TASK: Could you restate the data word for word and drop the pictures?

Stored items:
· · ·

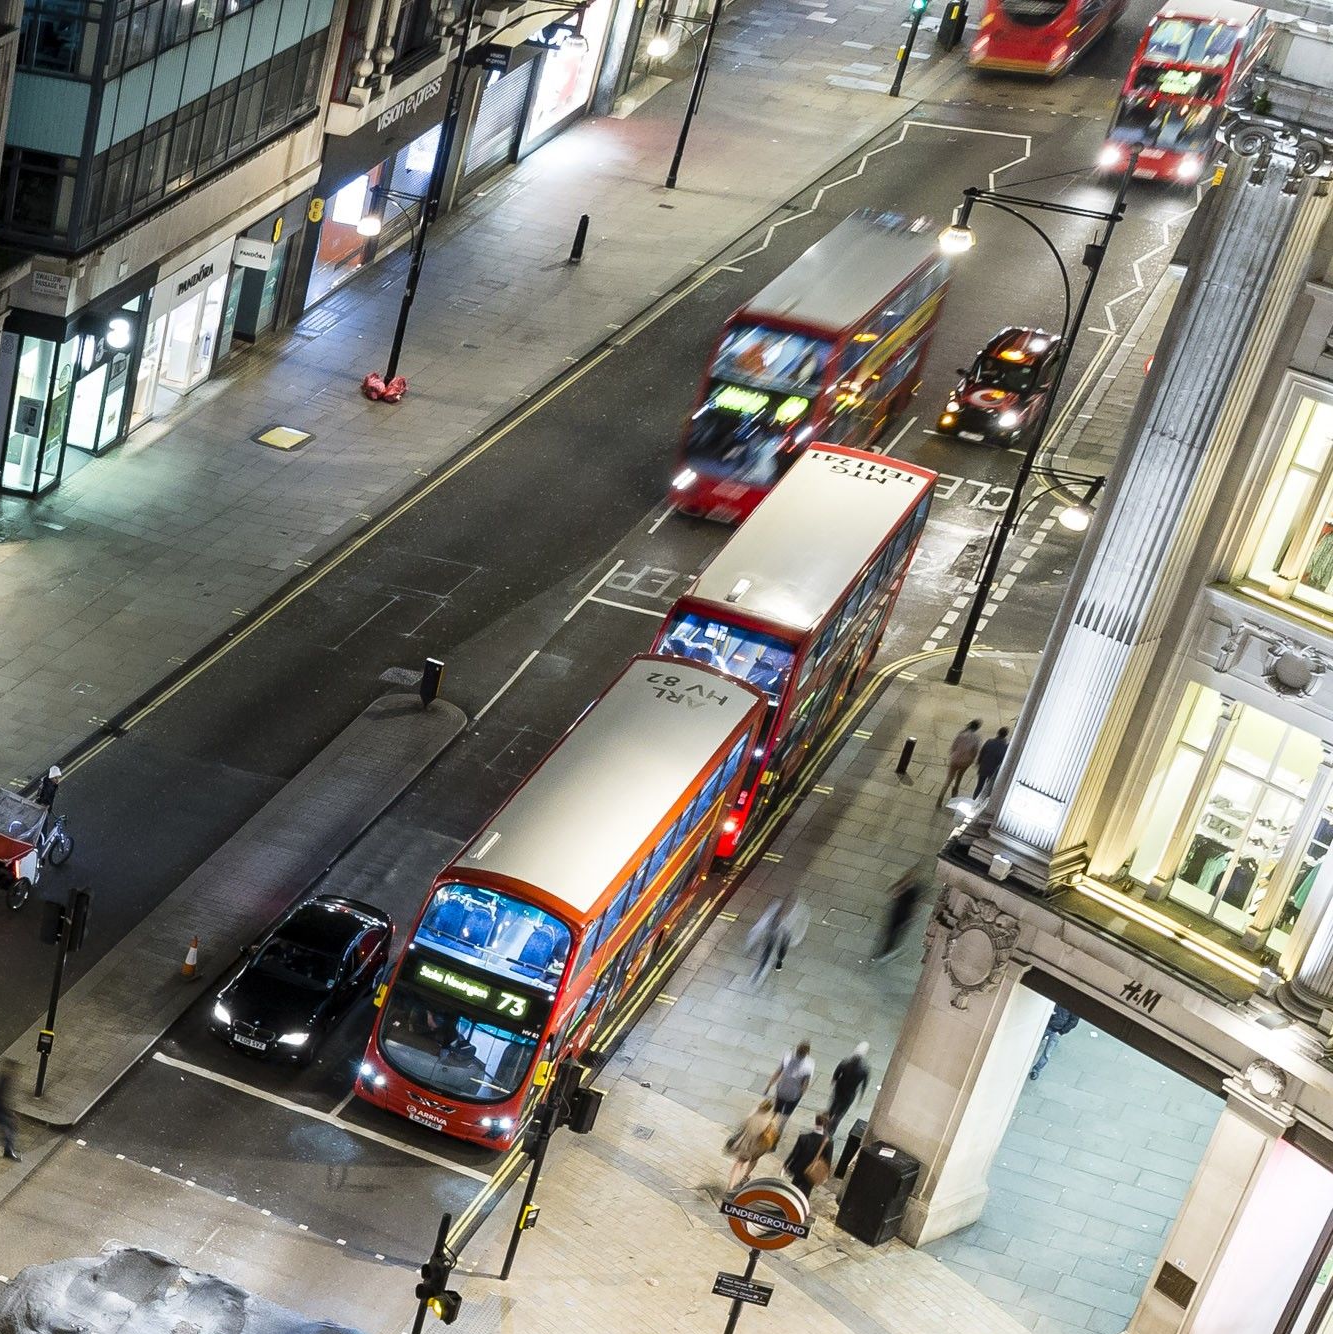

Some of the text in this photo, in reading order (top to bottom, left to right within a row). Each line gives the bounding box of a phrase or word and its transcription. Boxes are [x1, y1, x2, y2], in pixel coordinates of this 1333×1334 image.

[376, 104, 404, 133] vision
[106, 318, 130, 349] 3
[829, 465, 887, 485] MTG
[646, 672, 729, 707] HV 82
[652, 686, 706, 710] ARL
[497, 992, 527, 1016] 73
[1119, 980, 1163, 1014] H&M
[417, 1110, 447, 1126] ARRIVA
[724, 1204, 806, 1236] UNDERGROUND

· · ·

THE COMPLETED TASK:
Some of the text in this photo, in reading order (top to bottom, left to right within a row). Each line gives the bounding box of a phrase or word and its transcription. Boxes are [x1, y1, x2, y2], in pixel coordinates of this 1333×1334 image.

[376, 104, 404, 133] vision
[106, 318, 130, 349] 3
[829, 465, 887, 485] MTG
[646, 672, 729, 707] HV 82
[652, 686, 706, 710] ARL
[497, 992, 527, 1016] 73
[1119, 980, 1163, 1014] H&M
[417, 1110, 447, 1126] ARRIVA
[724, 1204, 806, 1236] UNDERGROUND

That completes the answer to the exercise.